Philippines, les îles de la Sonde. Quoique très fréquentées, ces mers offrent encore bien des points sur lesquels la science hésite, et qui sont plutôt fixés dans la pratique que dans la théorie. Ces divers groupes exigeraient, dans leurs nombreux détails, une étude de plusieurs années, car, pour être plus voisins des grands continens, ils n’en sont guère mieux connus.
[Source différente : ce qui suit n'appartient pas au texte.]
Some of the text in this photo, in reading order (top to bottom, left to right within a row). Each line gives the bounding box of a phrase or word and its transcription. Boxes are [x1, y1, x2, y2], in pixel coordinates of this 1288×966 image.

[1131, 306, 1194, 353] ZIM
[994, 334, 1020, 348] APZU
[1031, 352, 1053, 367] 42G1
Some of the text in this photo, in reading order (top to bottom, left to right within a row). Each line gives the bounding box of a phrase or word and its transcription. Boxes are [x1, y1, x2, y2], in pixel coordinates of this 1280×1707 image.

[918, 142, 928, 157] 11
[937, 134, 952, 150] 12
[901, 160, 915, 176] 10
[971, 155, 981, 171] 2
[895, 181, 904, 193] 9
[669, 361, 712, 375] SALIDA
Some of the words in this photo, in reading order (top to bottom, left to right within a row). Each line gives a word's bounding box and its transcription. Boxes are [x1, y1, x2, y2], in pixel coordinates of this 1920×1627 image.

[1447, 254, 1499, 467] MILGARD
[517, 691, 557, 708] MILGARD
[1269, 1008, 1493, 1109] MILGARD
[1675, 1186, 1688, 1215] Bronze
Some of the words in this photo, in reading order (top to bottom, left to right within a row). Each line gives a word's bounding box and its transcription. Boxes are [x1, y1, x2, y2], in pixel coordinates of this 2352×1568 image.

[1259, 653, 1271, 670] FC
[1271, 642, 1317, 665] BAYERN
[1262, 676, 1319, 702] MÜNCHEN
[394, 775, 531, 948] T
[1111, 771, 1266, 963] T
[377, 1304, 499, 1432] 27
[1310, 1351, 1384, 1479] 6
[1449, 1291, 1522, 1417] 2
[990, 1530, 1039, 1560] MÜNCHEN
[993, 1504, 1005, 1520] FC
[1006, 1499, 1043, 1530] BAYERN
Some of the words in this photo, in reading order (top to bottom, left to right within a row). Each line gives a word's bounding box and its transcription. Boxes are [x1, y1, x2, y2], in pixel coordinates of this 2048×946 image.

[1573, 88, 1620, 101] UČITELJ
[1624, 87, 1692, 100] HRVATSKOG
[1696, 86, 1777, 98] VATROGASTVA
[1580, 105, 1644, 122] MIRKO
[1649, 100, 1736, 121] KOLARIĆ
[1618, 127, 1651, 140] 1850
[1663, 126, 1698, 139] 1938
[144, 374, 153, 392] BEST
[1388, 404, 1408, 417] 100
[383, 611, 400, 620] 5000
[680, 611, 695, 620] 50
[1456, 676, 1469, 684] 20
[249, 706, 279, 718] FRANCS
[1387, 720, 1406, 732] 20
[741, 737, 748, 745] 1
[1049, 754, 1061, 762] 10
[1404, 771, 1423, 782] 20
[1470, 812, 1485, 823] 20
L’Astrolabe et la Zélée promenèrent d’Amboine à Batavia leurs marins décimés, en visitant sur cette route une foule de points intermédiaires. Durant les six derniers mois de 1839, l’état sanitaire des équipages ne fit qu’empirer. Une relâche à Batavia en octobre n’améliora pas la situation, et à l’arrivée à Hobart-Town, en Tasmanie[1], l’Astrolabe et la Zélée ressemblaient à des hôpitaux flottans. Le séjour dans ce port austral put seul amener une amélioration notable et arrêter les progrès du fléau. Les malades furent débarqués, et des secours bien entendus en sauvèrent le plus grand nombre. Dans cette longue et douloureuse campagne, le dévouement du chef de l’expédition et de ses officiers ne se démentit pas un instant. Toujours à leur poste, même quand leurs forces semblaient les trahir, ils luttèrent entre eux de courage et de zèle, et soutinrent le moral de ces hommes vaincus par la douleur. Le service médical se surpassa : il chercha à suppléer au nombre par l’activité ; plusieurs traits d’un héroïsme simple et modeste marquèrent ces jours d’épreuve.

Cependant, à mesure que la vie renaissait parmi les équipages, le sentiment de leur mission se réveillait aussi parmi les chefs. L’air d’Hobart-Town avait opéré des prodiges : il ne restait plus dans l’hospice de la ville que sept à huit malades, et la vigueur était revenue à bord avec la santé. Le commandant tenait surtout à signaler son expédition par un succès du côté du pôle antarctique, et il avait résolu de tenter un dernier effort dans cette direction. Le 1er avril 1840, l’Astrolabe et la Zélée tournèrent de nouveau leurs proues vers ces zônes glaciales, où depuis deux siècles viennent se briser les efforts humains. Le désir d’atteindre à l’impossible est si vif dans nos cœurs, que les échecs ne nous détournent pas de cette poursuite. Le problème des pôles est, comme le problème de l’existence, impénétrable peut-être, et c’est pour cela que l’on s’obstine dans sa recherche. L’homme n’est curieux que de ce qu’il ignore. L’expédition australe obéissait à cet instinct.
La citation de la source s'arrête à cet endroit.